Por Jennifer Rodríguez | Purple Hat Coders
MÉRIDA.- Durante los últimos días, dos dependencias del Gobierno del Estado estuvieron en la mira de un grupo de ciberdelincuentes identificado como ALZ x APAJ x SAIDEN: la Secretaría de las Mujeres de Yucatán (SEMUJERES) y la Secretaría de Salud. Lo que ocurrió después fue una mezcla de evidencias públicas, versiones encontradas y un silencio oficial que, en mi opinión, dice más que cualquier comunicado. El caso de SEMUJERES fue visible para cualquiera. Usuarios reportaron en redes sociales que el sitio oficial mostraba imágenes y mensajes ajenos a la institución. Era evidente que alguien había tomado el control de la página.
La respuesta del gobierno fue un aviso simple de que el sitio estaba “en mantenimiento para mejorar la experiencia”. Hasta ahora, ninguna autoridad ha explicado qué ocurrió realmente ni qué pasó con la información personal de las mujeres registradas en esa dependencia. En el caso de la Secretaría de Salud, la postura oficial fue distinta, pero no necesariamente tranquilizadora.
Se afirmó que los datos filtrados no provenían de sistemas actuales, sino de una plataforma antigua del programa “Médico a Domicilio”, que dejó de operar en 2024.Cierto o no, considero que el hecho de que una base de datos haya permanecido accesible en internet durante años sin ser desactivada no es una justificación. Lo que más me preocupa no es el nombre del grupo atacante ni la técnica utilizada, sino las personas afectadas.
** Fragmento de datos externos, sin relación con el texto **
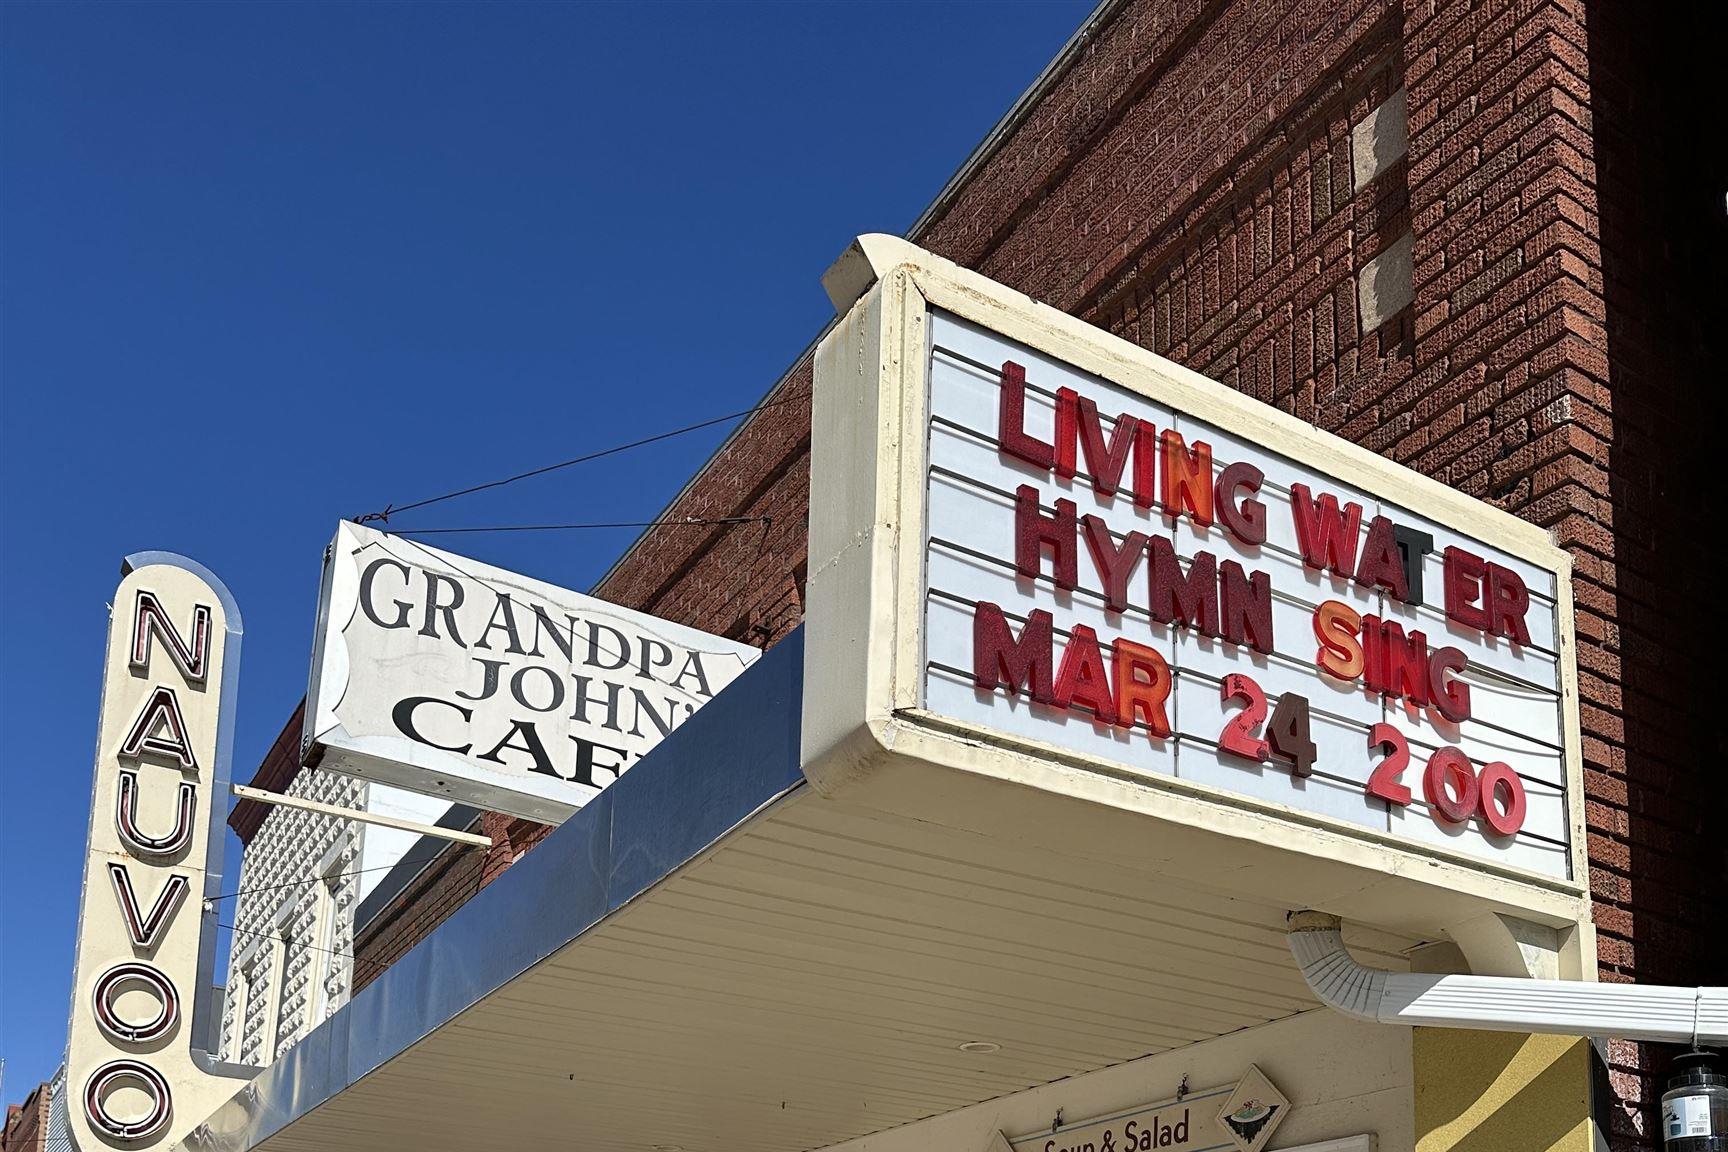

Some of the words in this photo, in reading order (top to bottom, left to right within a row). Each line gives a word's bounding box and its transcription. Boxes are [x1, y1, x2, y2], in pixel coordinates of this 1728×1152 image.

En el caso de SEMUJERES, los registros incluyen información de mujeres que buscaron ayuda en contextos de violencia: direcciones, teléfonos, situación legal y, en algunos casos, datos de sus hijos. Desde mi perspectiva, esa información no solo compromete la privacidad, también implica un riesgo a la integridad de la mujer. Yucatán acumula desde 2023 varios incidentes similares contra sus sistemas digitales.
Observo un mismo patrón; el ataque ocurre, el gobierno lo minimiza y el tema se enfría sin que nadie rinda cuentas. La ley obliga a las instituciones a notificar a las personas cuando su información ha sido comprometida. La pregunta que le hago al Gobierno del Estado es simple: ¿cuándo van a avisarle a los afectados?